Dataset>
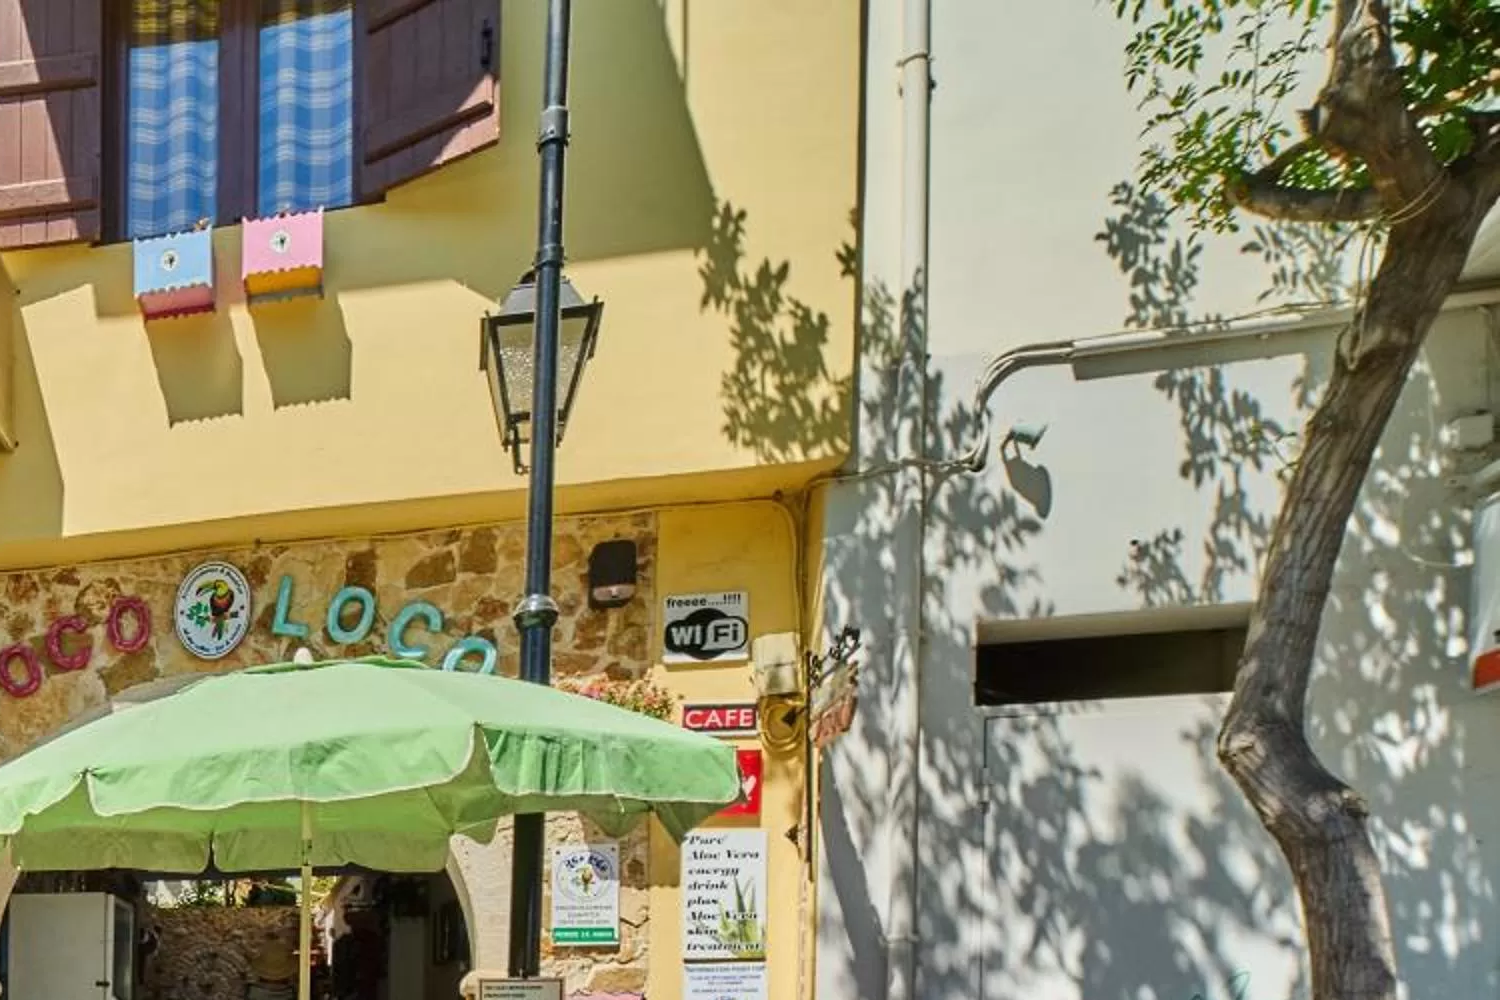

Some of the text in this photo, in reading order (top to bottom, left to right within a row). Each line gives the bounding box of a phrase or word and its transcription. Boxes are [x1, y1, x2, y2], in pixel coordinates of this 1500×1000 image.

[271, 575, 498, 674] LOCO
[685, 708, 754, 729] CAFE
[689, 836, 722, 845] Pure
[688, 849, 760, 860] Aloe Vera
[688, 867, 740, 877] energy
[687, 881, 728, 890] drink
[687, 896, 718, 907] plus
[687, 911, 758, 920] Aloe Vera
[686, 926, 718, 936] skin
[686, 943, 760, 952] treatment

Task directions> Restate the listing word for word. Pictures do not belong in the copy.

Completed task>
Some of the text in this photo, in reading order (top to bottom, left to right within a row). Each line gives the bounding box of a phrase or word and its transcription. Boxes are [x1, y1, x2, y2], in pixel coordinates of this 1500×1000 image.

[271, 575, 498, 674] LOCO
[685, 708, 754, 729] CAFE
[689, 836, 722, 845] Pure
[688, 849, 760, 860] Aloe Vera
[688, 867, 740, 877] energy
[687, 881, 728, 890] drink
[687, 896, 718, 907] plus
[687, 911, 758, 920] Aloe Vera
[686, 926, 718, 936] skin
[686, 943, 760, 952] treatment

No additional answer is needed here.